DAX-1 inhibits SF-1-mediated transactivation via a carboxy-terminal domain that is deleted in adrenal hypoplasia congenita.

X-linked adrenal hypoplasia congenita (AHC) with hypogonadotropic hypogonadism was recently shown to be caused by mutations in a gene referred to as DAX-1, which encodes a novel member of the orphan nuclear receptor family. DAX-1 is homologous to other nuclear receptors in its carboxy-terminal region, but it lacks the characteristic zinc finger DNA-binding domain. The tissue distribution of DAX-1 (adrenal cortex, gonads, hypothalamus, and pituitary) is the same as that of another orphan nuclear receptor, steroidogenic factor 1 (SF-1), that is required for development of the adrenal glands and gonads.

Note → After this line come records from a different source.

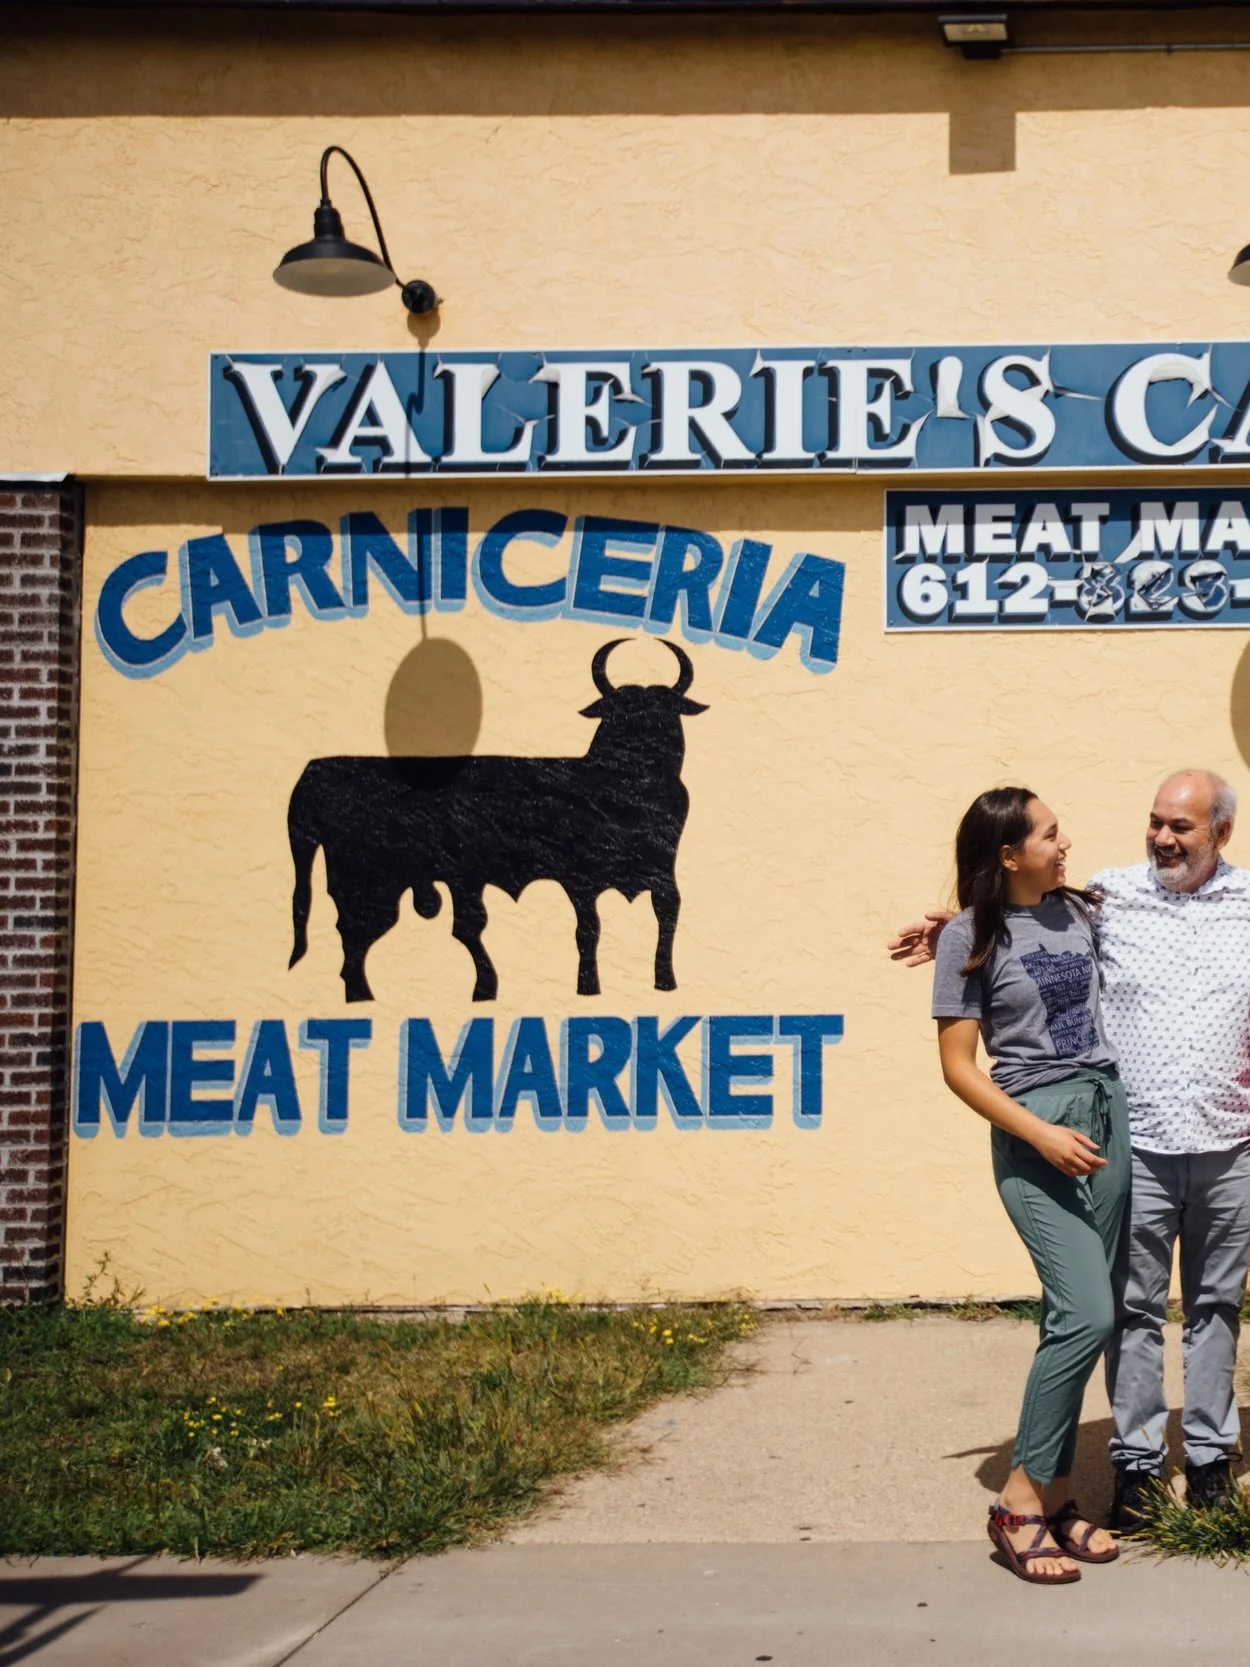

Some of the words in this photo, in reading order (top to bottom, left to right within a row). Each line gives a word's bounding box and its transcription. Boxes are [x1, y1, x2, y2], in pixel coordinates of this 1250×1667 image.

[227, 348, 1057, 469] VALERIE'S
[898, 502, 1110, 558] MEAT
[94, 507, 846, 679] CARNICERIA
[73, 1018, 372, 1138] MEAT
[399, 1014, 845, 1134] MARKET
[1050, 1021, 1066, 1032] AUL

We examined whether DAX-1 and SF-1 might interact in the regulation of SF-1-responsive target genes. Coexpression of DAX-1 and SF-1 inhibited SF-1-mediated transactivation. DAX-1 was shown to interact directly with SF-1 in in vitro protein binding studies; however, it did not interfere with SF-1 binding to DNA in gel mobility shift assays. Transactivation by GAL4-SF-1 constructs was inhibited by DAX-1, indicating that neither the SF-1 DNA-binding domain nor the SF-1 binding sites are required for inhibition by DAX-1. A series of DAX-1 deletion mutants localized the inhibitory domain to the carboxy-terminal region of the protein. Deletion of this domain also reduced basal transcriptional silencing by GAL4-DAX-1. This inhibitory domain has been deleted in all naturally occurring AHC deletion mutants described to date. In addition, two naturally occurring point mutations in DAX-1 exhibited impaired inhibition of SF-1. We conclude that DAX-1 can inhibit SF-1 transcriptional activity and suggest that the loss of this inhibitory property in DAX-1 may account in part for the phenotype of AHC.